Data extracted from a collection
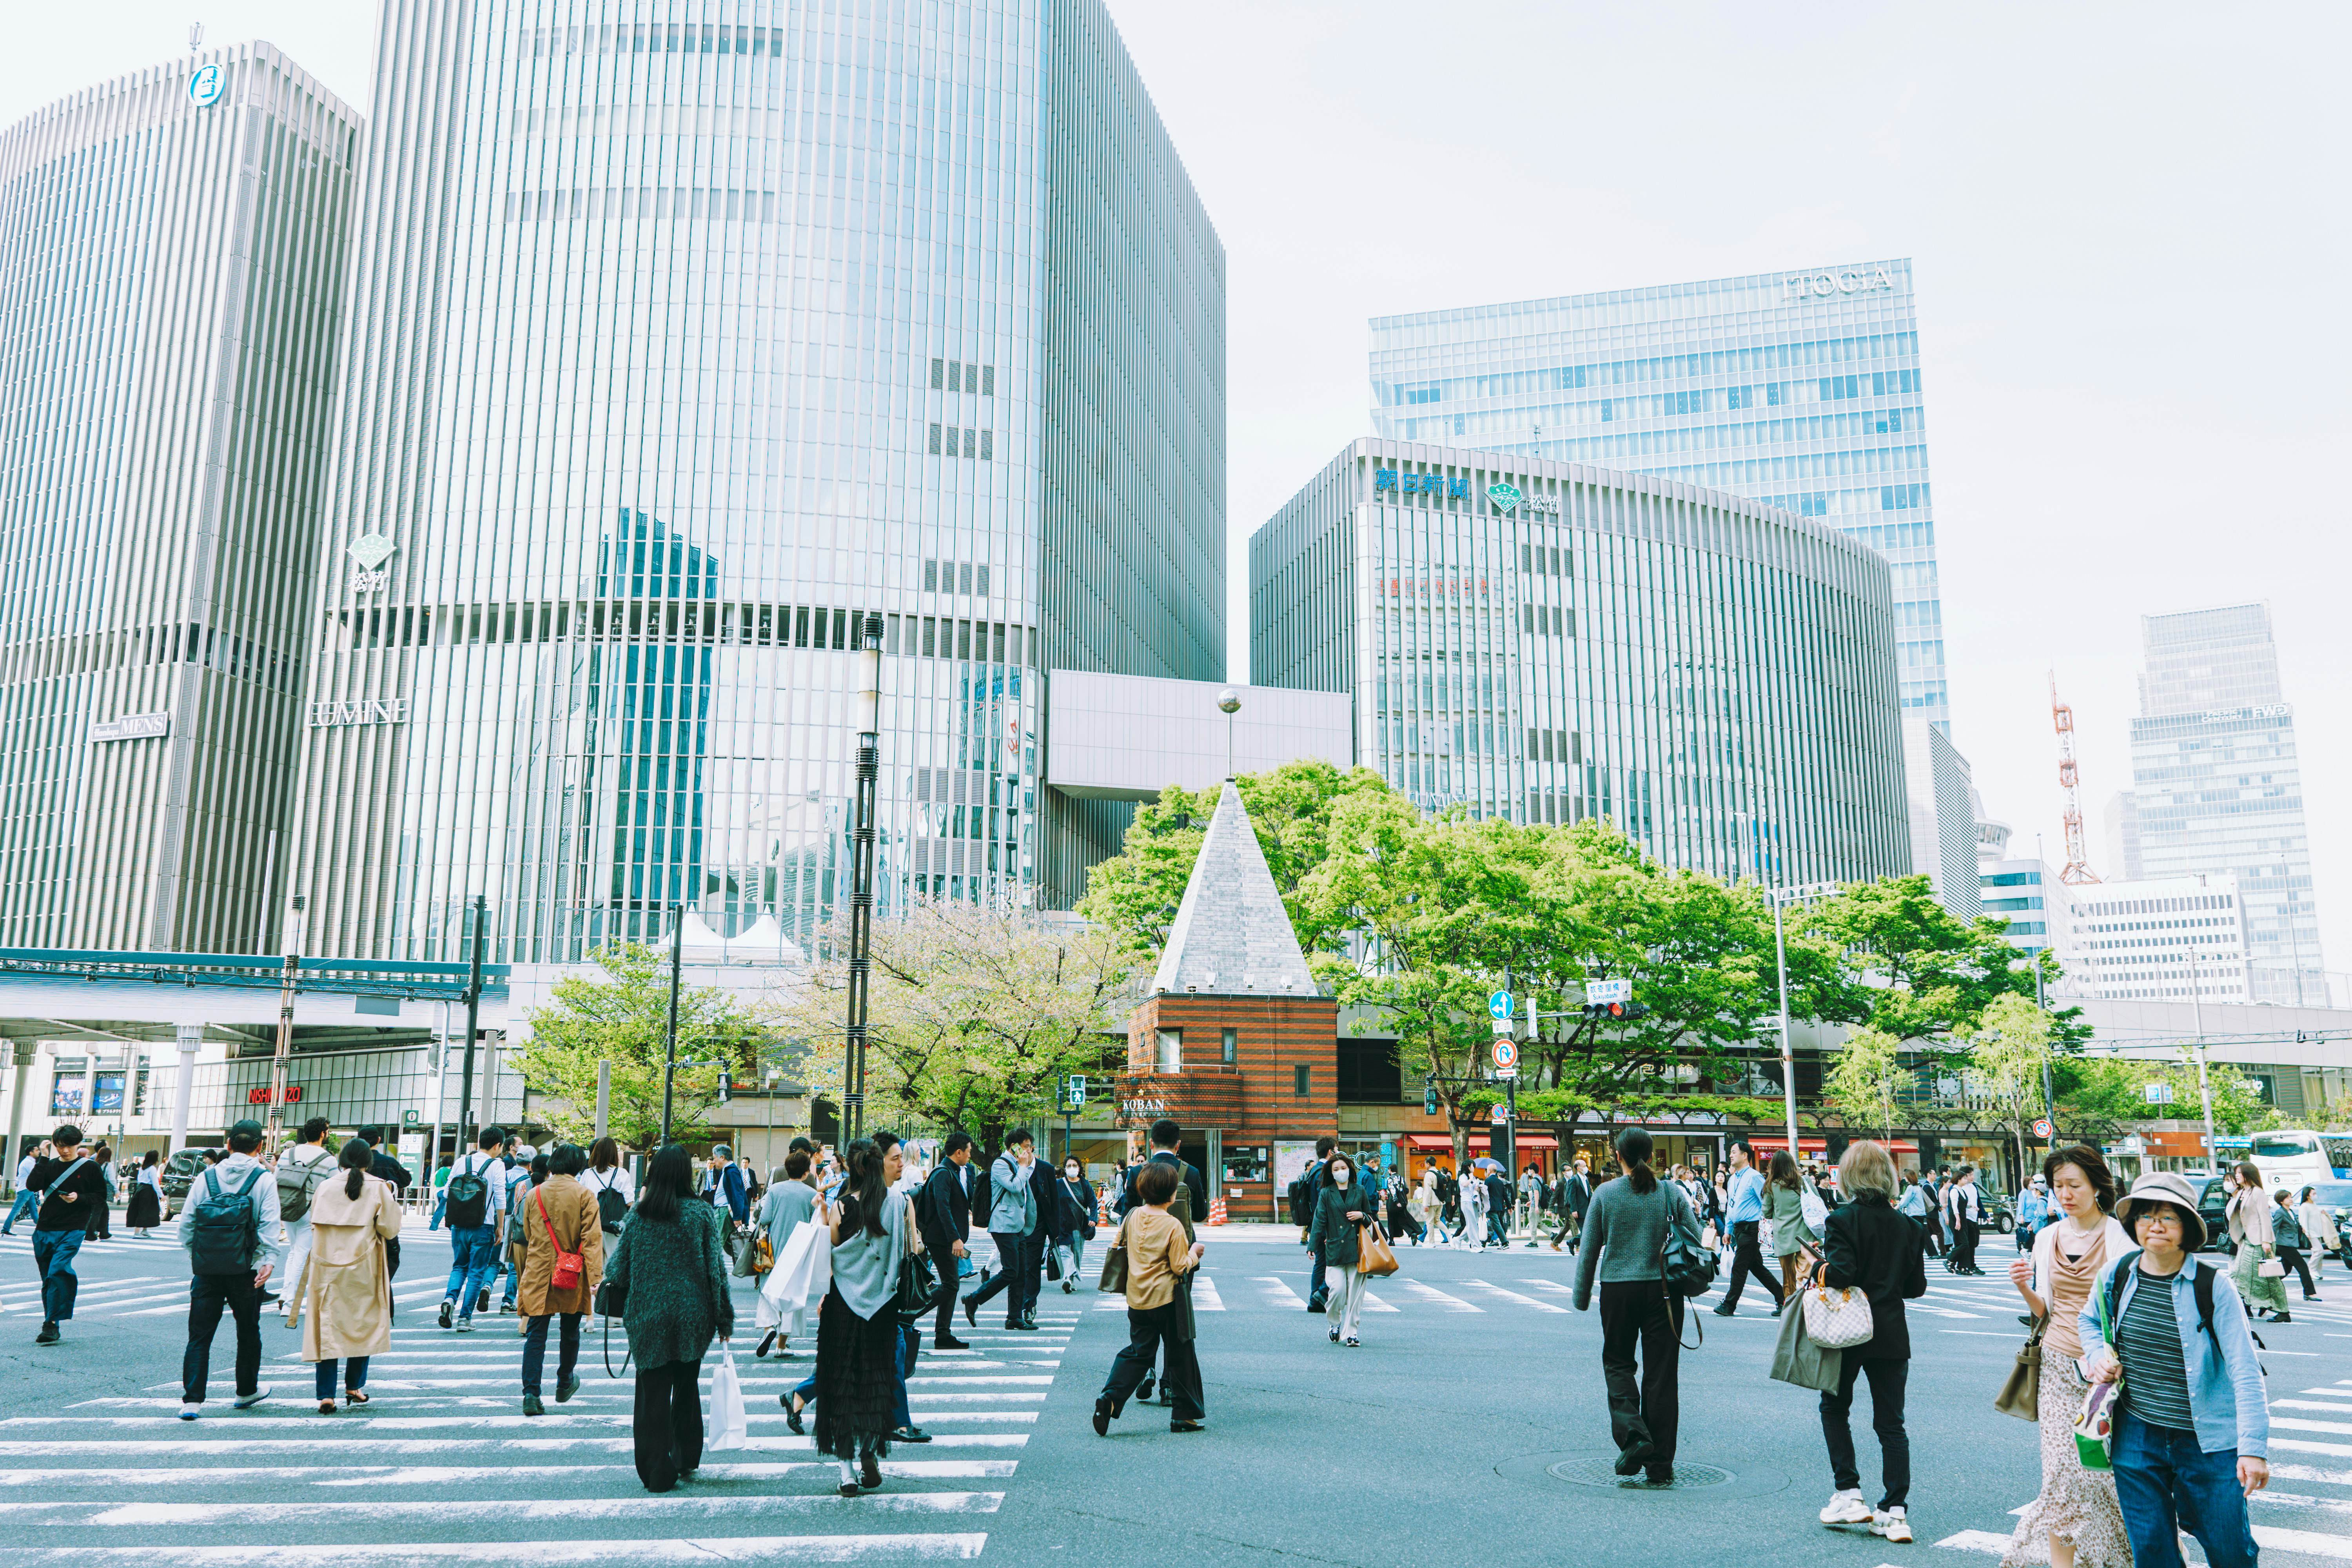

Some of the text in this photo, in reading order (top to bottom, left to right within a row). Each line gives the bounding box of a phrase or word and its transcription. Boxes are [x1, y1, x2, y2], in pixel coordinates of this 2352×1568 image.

[1376, 468, 1468, 499] 朝日新聞
[1527, 494, 1561, 513] 松竹
[349, 570, 388, 592] 松竹
[308, 699, 406, 726] LUMINE
[2253, 705, 2288, 718] FWD
[93, 727, 119, 738] Hankyu
[1590, 982, 1619, 993] 数寄屋橋
[249, 1087, 301, 1103] NISHIZA
[1123, 1099, 1165, 1109] KOBAN
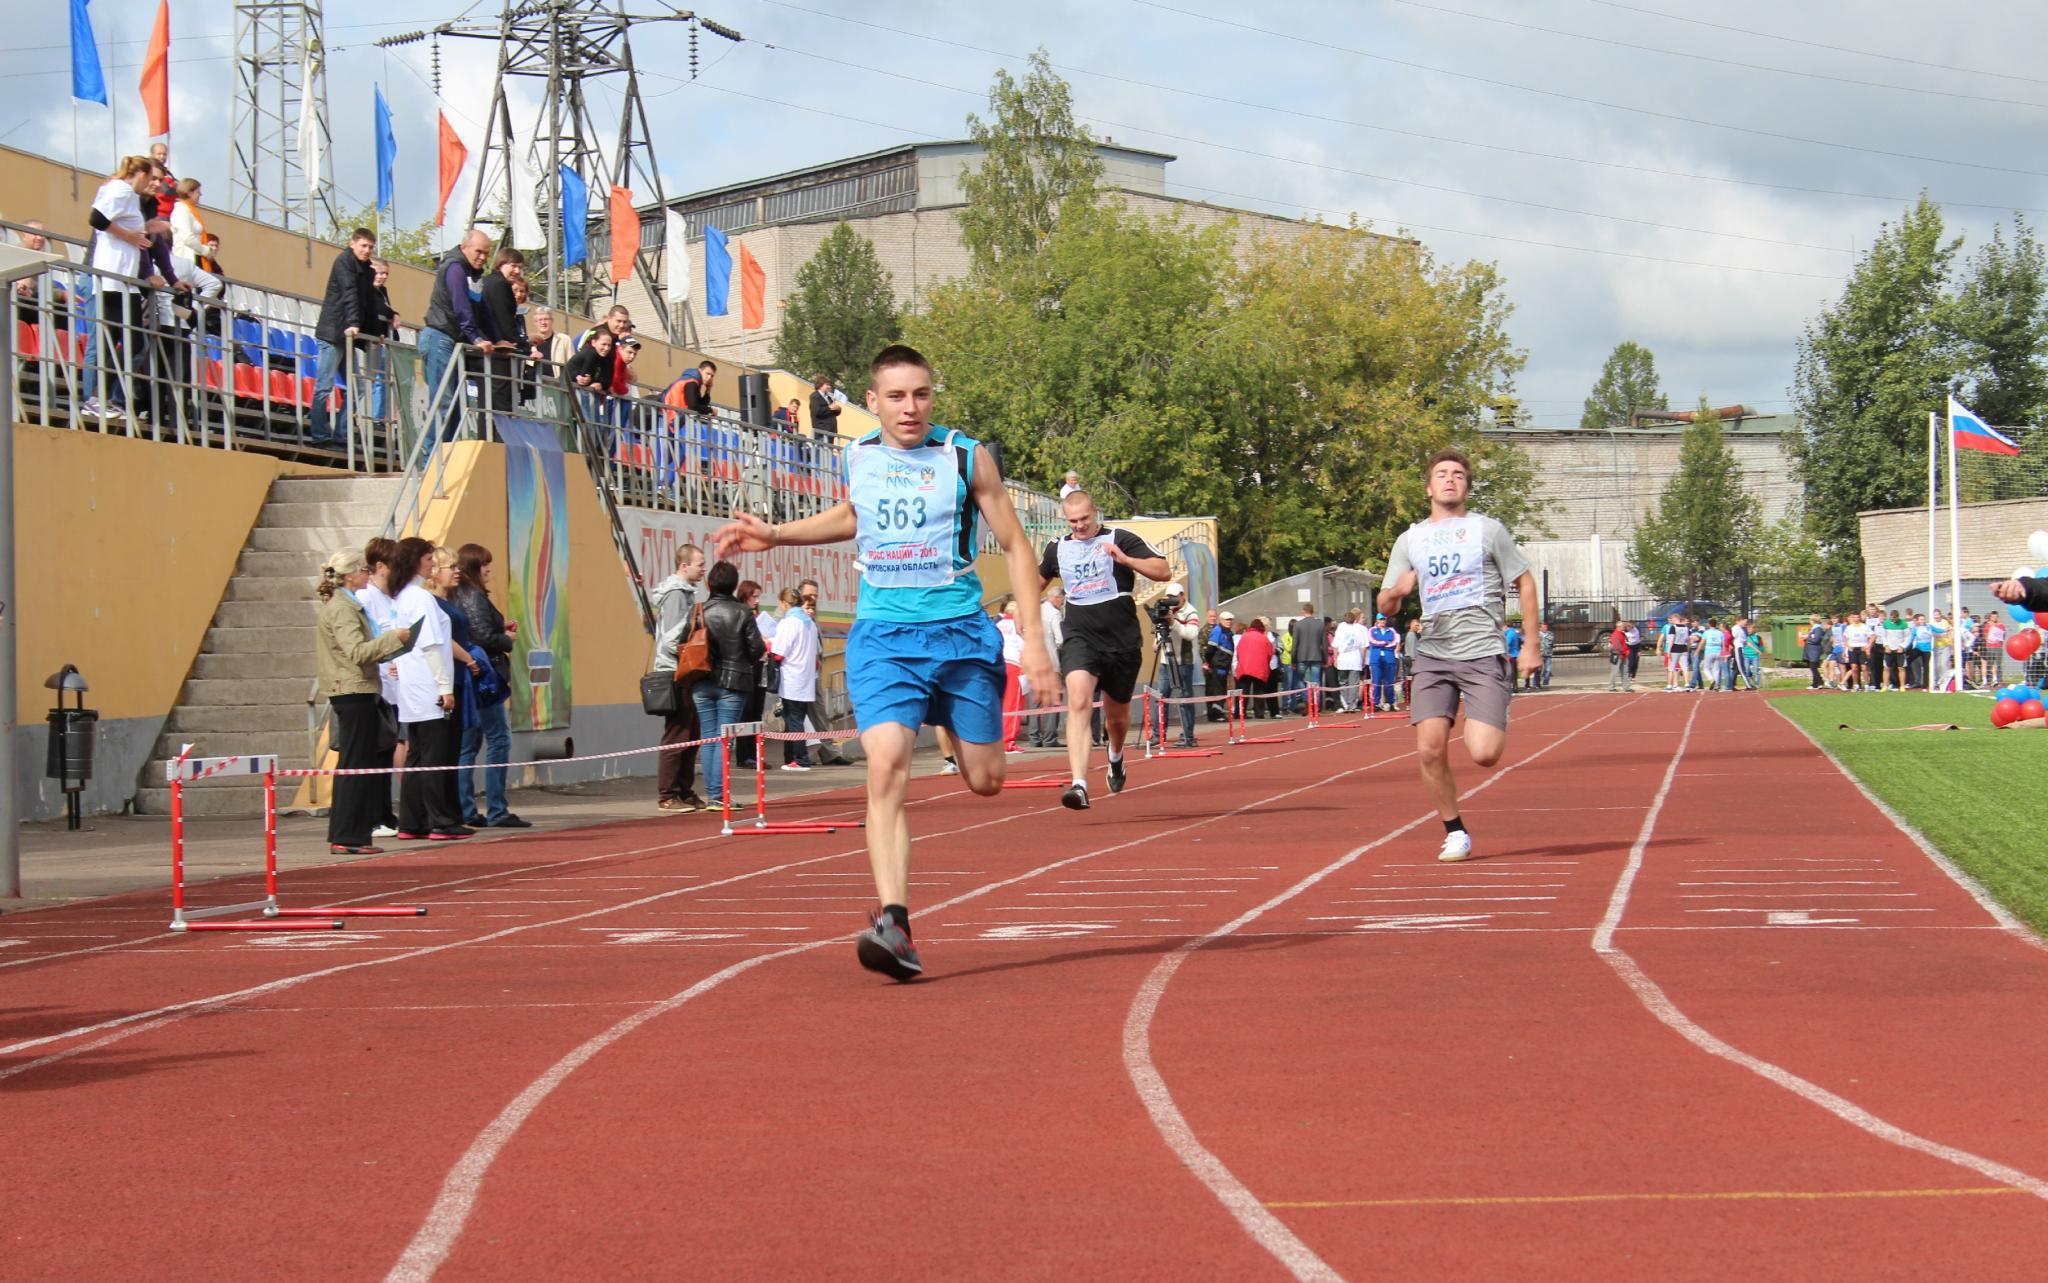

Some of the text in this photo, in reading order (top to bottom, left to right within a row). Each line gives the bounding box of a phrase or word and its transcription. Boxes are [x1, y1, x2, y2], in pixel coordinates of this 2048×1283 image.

- Task prompt
The reply must hold every line above exactly as written and none of the pictures.

- The answer
Some of the text in this photo, in reading order (top to bottom, left to right within a row). Each line gives the bounding box of a phrase or word and its transcription. Boxes are [x1, y1, x2, y2], in pixel coordinates of this 2352×1568 image.

[1376, 468, 1468, 499] 朝日新聞
[1527, 494, 1561, 513] 松竹
[349, 570, 388, 592] 松竹
[308, 699, 406, 726] LUMINE
[2253, 705, 2288, 718] FWD
[93, 727, 119, 738] Hankyu
[1590, 982, 1619, 993] 数寄屋橋
[249, 1087, 301, 1103] NISHIZA
[1123, 1099, 1165, 1109] KOBAN

Some of the text in this photo, in reading order (top to bottom, left to right within a row). Each line gives the bounding box of a phrase or word and its transcription. Boxes are [x1, y1, x2, y2], in pixel coordinates of this 2048×1283 image.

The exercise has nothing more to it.